Cognitive bias can of course affect anyone, in any circumstance—but it is particularly dangerous in a criminal-justice system where forensic scientists have wide latitude as well as some incentive to support the views of prosecutors and the police.
timothy howard’s account of what happened on the morning of April 1, 2006, seemed straightforward. He had found his wife, Delilah, hanging from the belt of her pink terry-cloth bathrobe in the basement of their home in Franklin County, Ohio.

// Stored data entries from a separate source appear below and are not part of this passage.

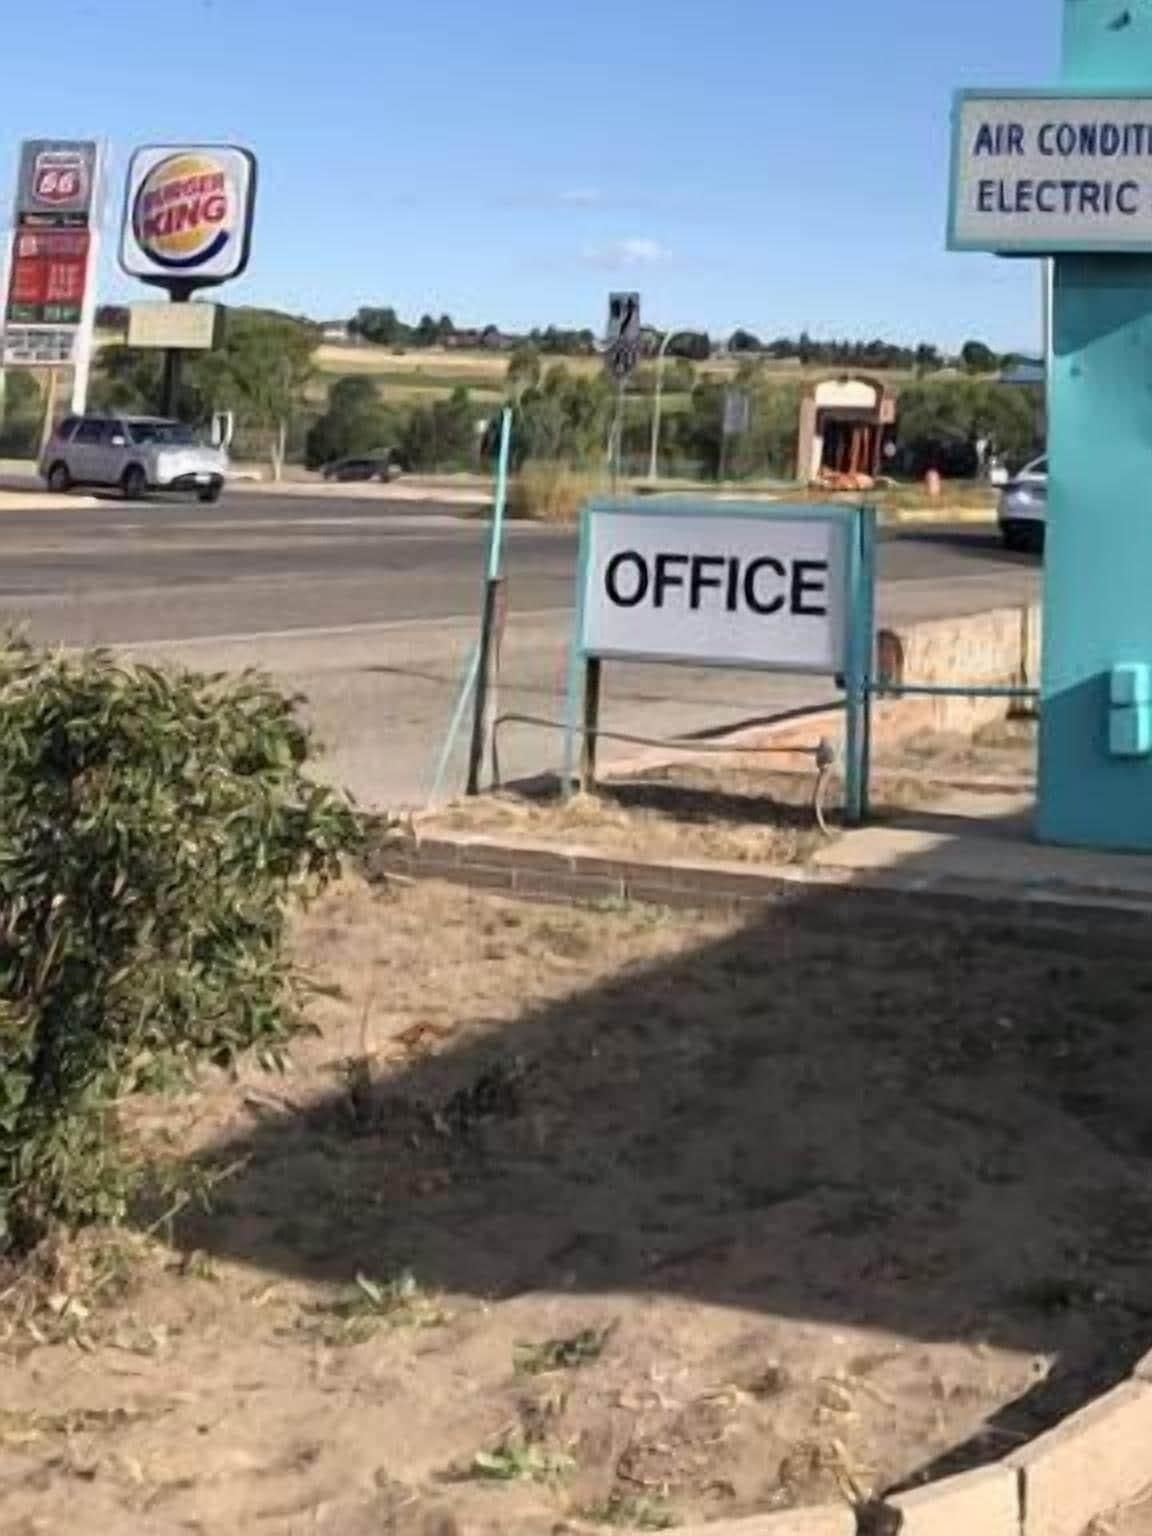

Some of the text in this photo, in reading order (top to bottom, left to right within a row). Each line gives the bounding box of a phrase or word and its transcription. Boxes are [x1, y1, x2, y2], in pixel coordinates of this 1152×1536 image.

[973, 122, 1024, 156] AIR
[39, 172, 74, 193] 66
[976, 179, 1139, 214] ELECTRIC
[143, 195, 227, 240] KING
[604, 549, 829, 615] OFFICE

Howard, a 44-year-old house painter, said that he’d cut Delilah down. He’d called 911. He’d performed CPR. But she was gone. After the police arrived, he’d gathered his three children—two daughters, 18 and 22, and a son, 11—and they’d settled in a bedroom. “One of the kids was looking on the dresser and found there was four notes, one to me and one to each of the three kids,” Howard told me recently at the public defender’s office in Columbus. “And they explained that she was sorry, but she can’t—couldn’t—go on.”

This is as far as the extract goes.